In the first paper, “What is Epilepsy,” Kohrman introduces the topic for nonclinicians with an interest in epilepsy research. The second group of papers on “Where Do Seizures Occur,” describe the physiologic, clinical, and engineering aspects of localizing neuronal activity in the brain. The ultimate goal in this area of research is to identify the epileptic focus reliably by solving the so-called “inverse problem”, i.e., the reconstruction of activity within the brain from measurements on its surface or on the scalp. To that end, Tao et al. and Ebersole et al. present techniques useful in the clinical setting to interpret scalp recordings in terms of underlying cortical activity. The papers by Fuchs et al. and Ding et al. describe the development and evaluation of algorithms to compute and visualize activity within the brain's structure. Significant progress in this field has been made, and localization methods are proving to be a useful extension of EEG analysis. However, to increase the clinical value of localization methods, the limits of their resolving power must be further investigated and improved. Ultimately these techniques may provide an alternative to and reduce the need for intracranial recording, which remains the gold standard for the identification of the epileptic focus.

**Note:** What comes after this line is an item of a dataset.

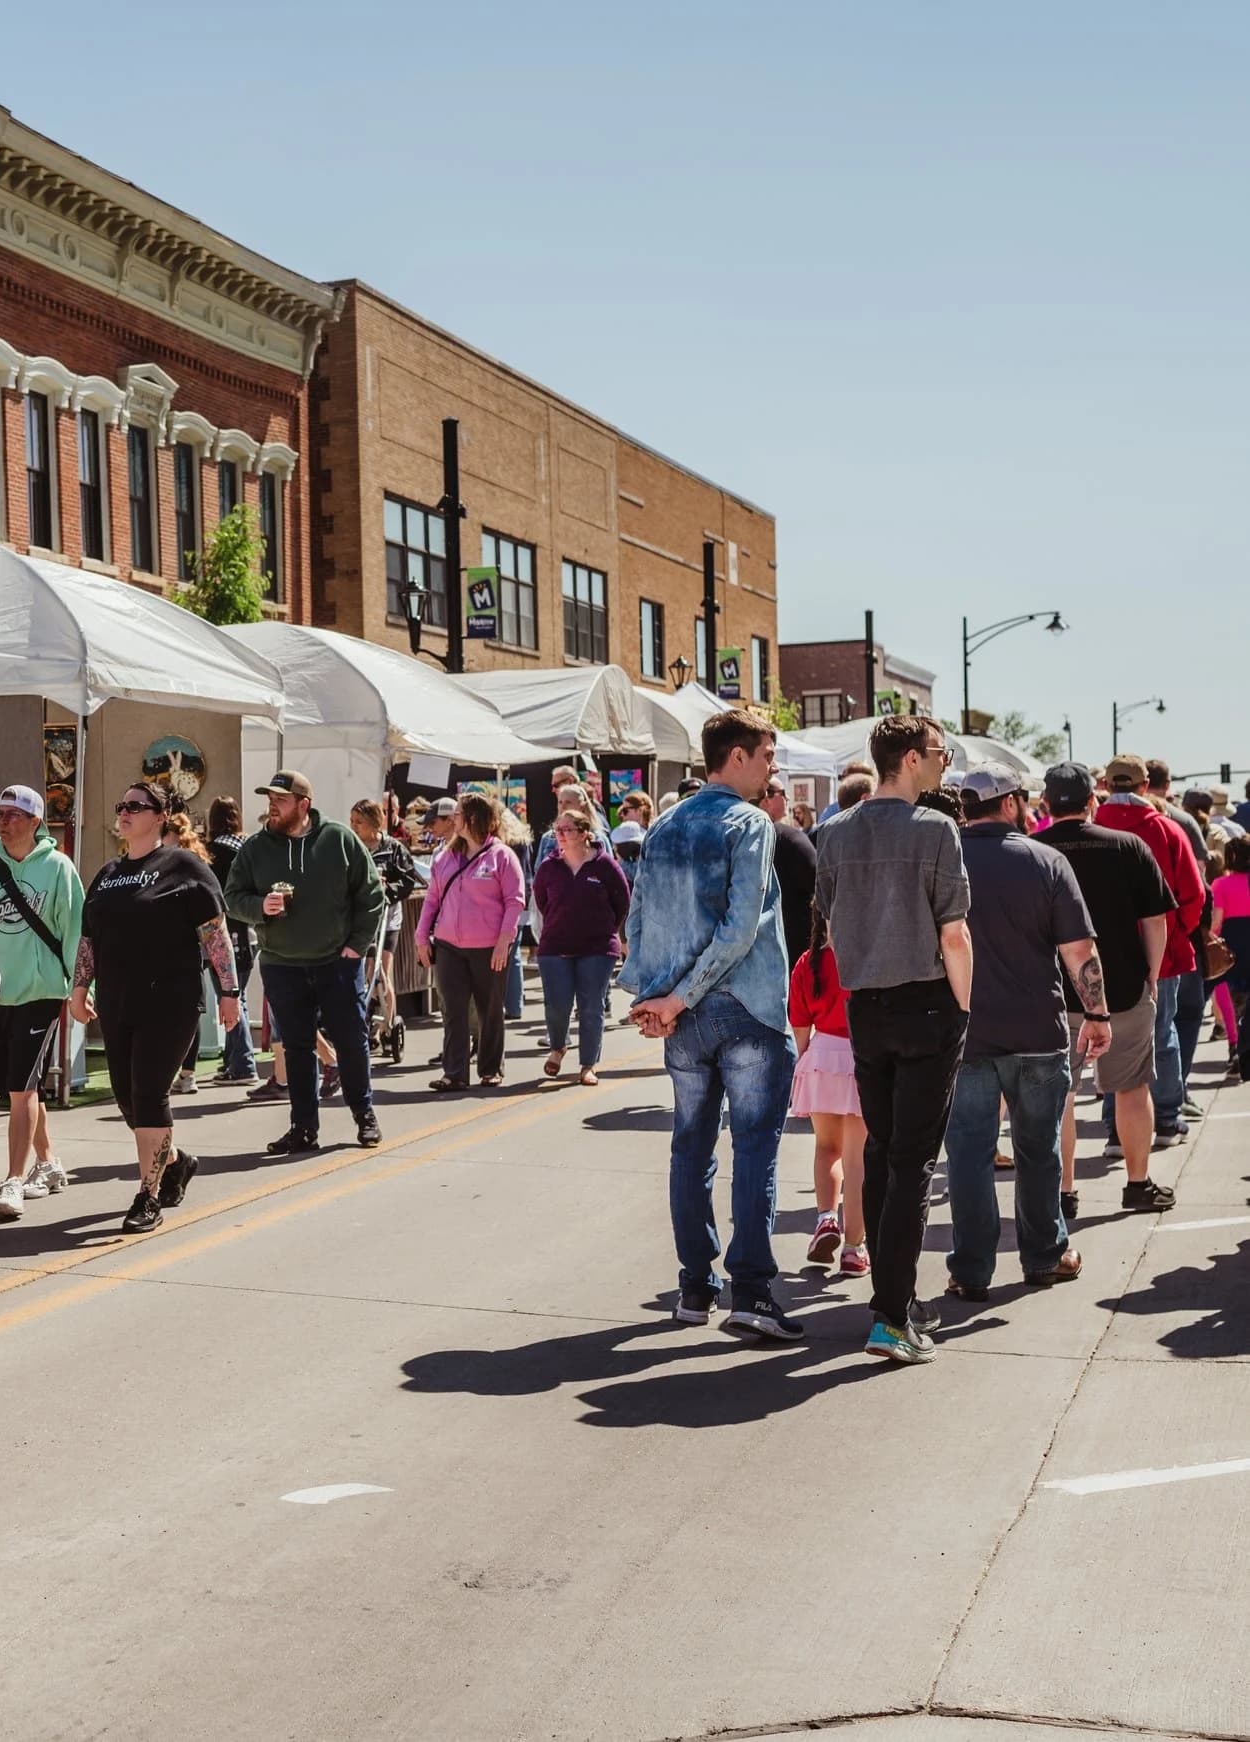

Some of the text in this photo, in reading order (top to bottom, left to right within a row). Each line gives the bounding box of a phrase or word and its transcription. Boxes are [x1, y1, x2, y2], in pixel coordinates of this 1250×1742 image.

The third theme, “When Do Seizures Occur,” deals with the localization of seizure activity in time. The aim in this area of research is to detect, predict, or anticipate imminent seizures on the basis of features extracted from scalp or intracranial EEG recordings. Early work in this area optimistically reported the feasibility of this approach. The investigations of Lee et al. and Lehnertz et al. demonstrate that the current state-of-the-art is the early detection of seizure onset, when complete records from continuously monitored patient populations are evaluated. The use of long-term monitoring records, new evaluation tools, and a change of focus from single channel to multichannel recordings are required for further development in this area.
The contributions to the final theme, “Why (How) Do Seizures Occur,” focus on the mechanisms underlying epileptogenesis and seizure activity. Our poor understanding of these mechanisms is a principal reason for the limited success of anticonvulsant therapy, that being lack of seizure control in 1/3 of epilepsy patients. Papers by Trasande and Ramirez, Swiercz et al., and Li and Mogul describe recent progress in identifying the role of neuronal mechanisms and their control in experimental models of epilepsy. At the clinical level, signal processing applied to the analysis of EEG is an extensive area of epilepsy research describing the relationships between the activities of large neuronal populations. The paper by Towle et al. demonstrates this approach.